Text-to-region grounding data:
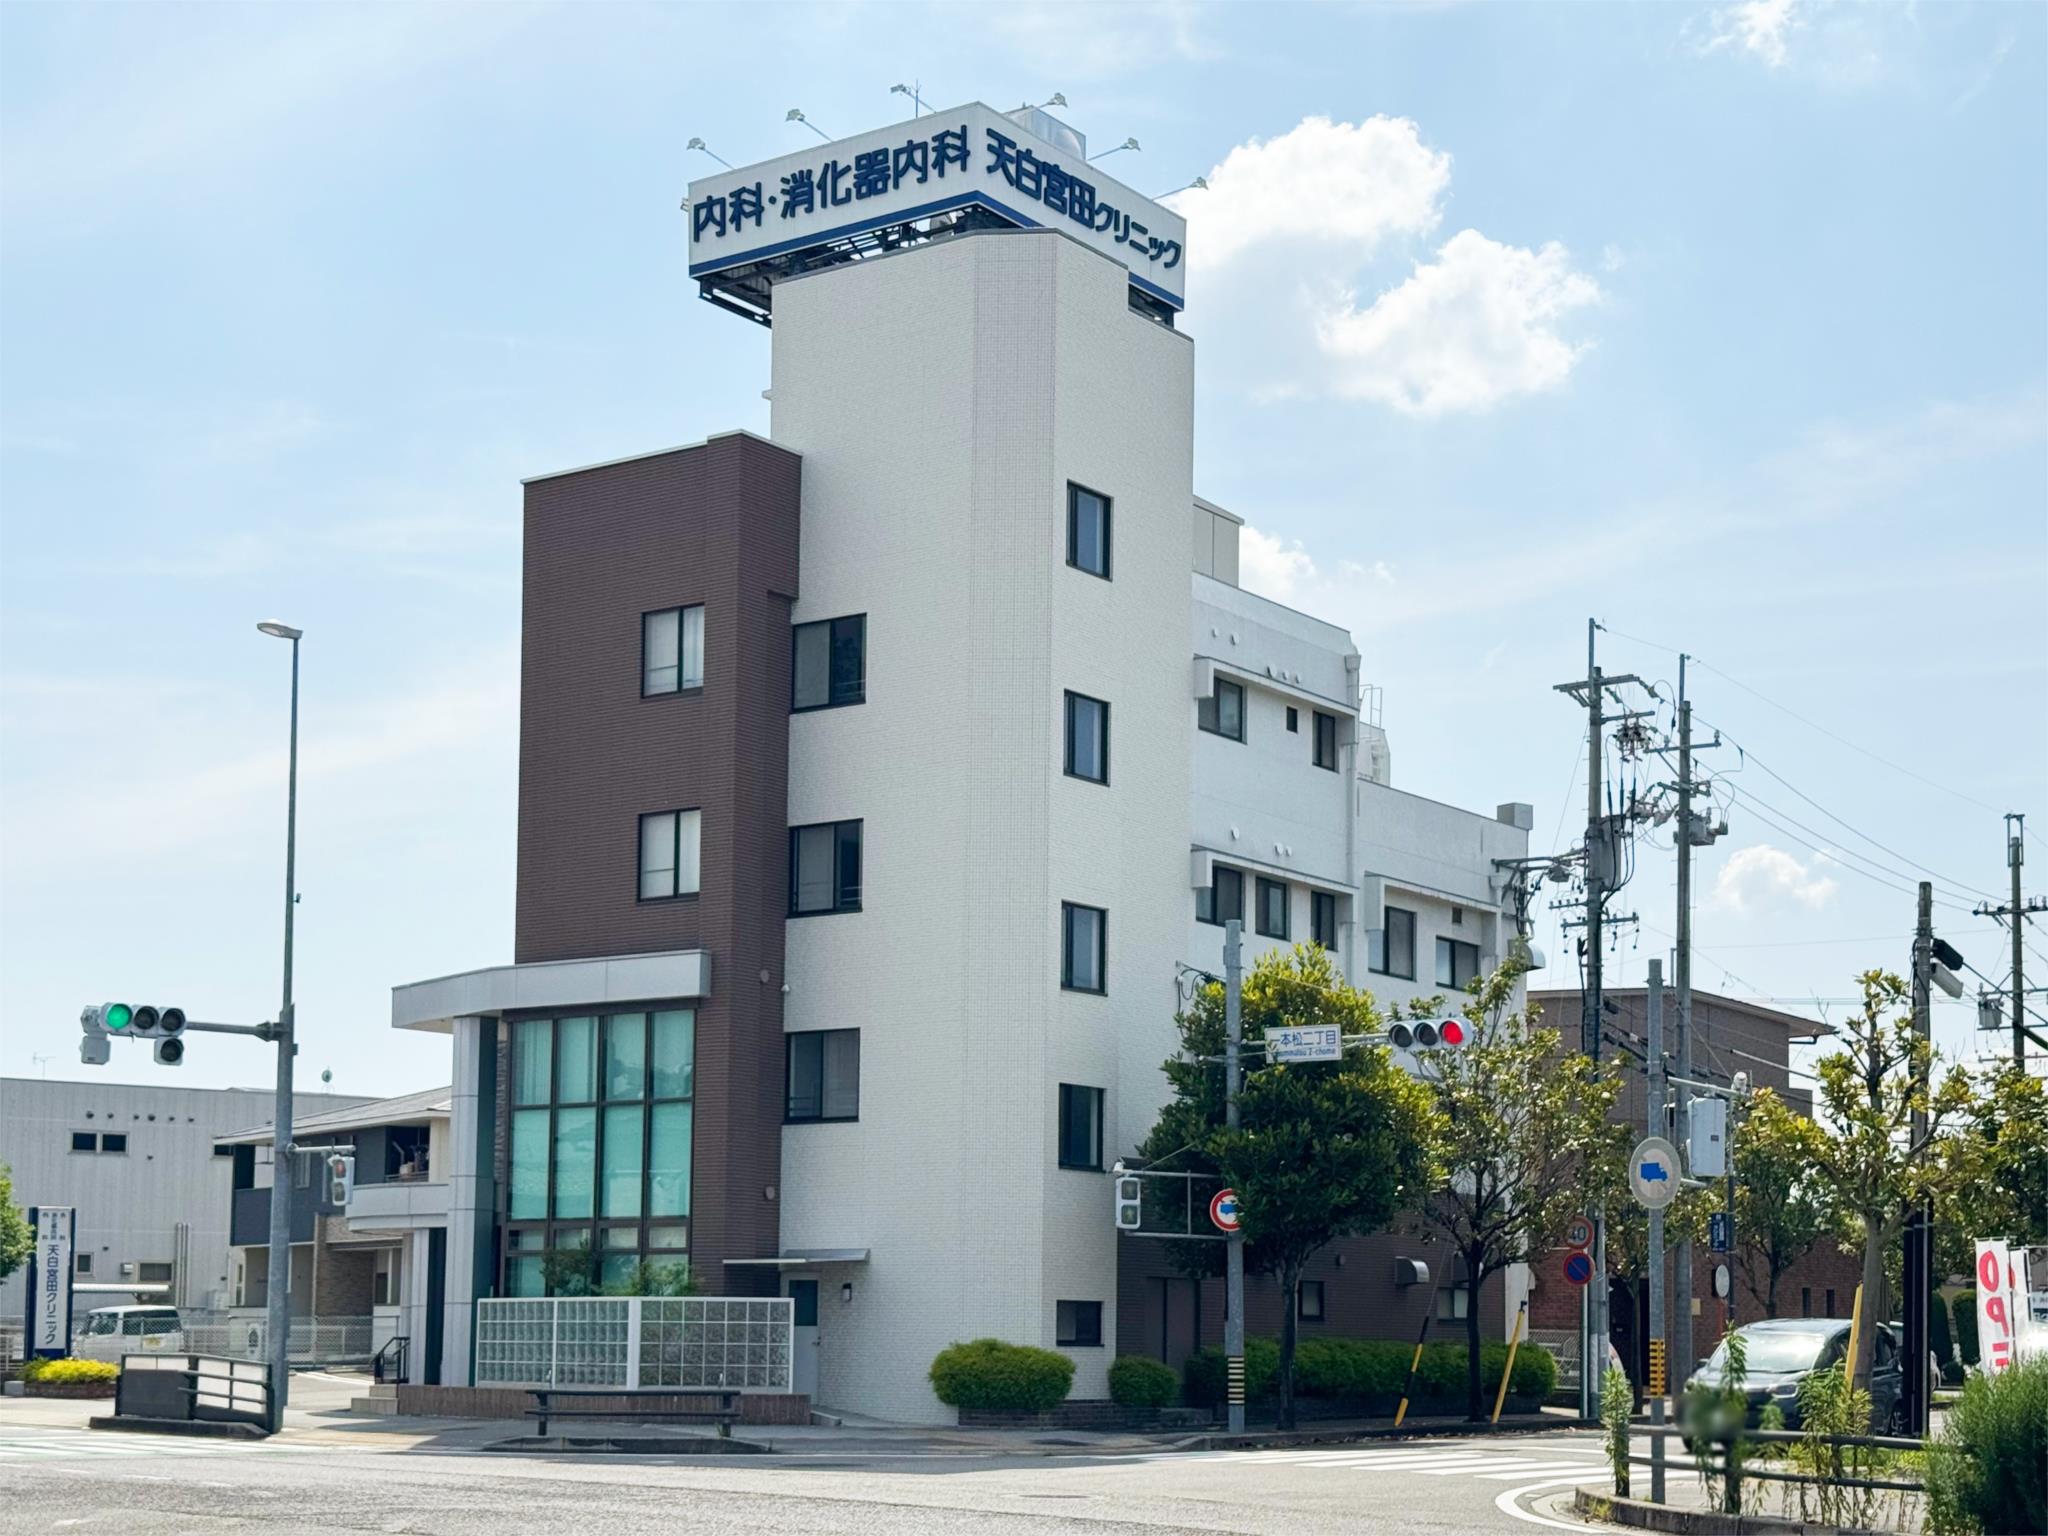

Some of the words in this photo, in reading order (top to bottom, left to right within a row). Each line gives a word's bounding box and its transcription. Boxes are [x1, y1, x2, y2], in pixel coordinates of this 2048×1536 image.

[693, 124, 970, 242] 内科・消化器内科
[986, 127, 1182, 269] 天白宮田クリニック
[1271, 1029, 1336, 1047] 一本松二丁目
[45, 1244, 60, 1345] 天白宮田クリニック

• The problem
Leave out the pictures and return every record word for word.

• Answer space
Some of the words in this photo, in reading order (top to bottom, left to right within a row). Each line gives a word's bounding box and its transcription. Boxes are [x1, y1, x2, y2], in pixel coordinates of this 2048×1536 image.

[693, 124, 970, 242] 内科・消化器内科
[986, 127, 1182, 269] 天白宮田クリニック
[1271, 1029, 1336, 1047] 一本松二丁目
[45, 1244, 60, 1345] 天白宮田クリニック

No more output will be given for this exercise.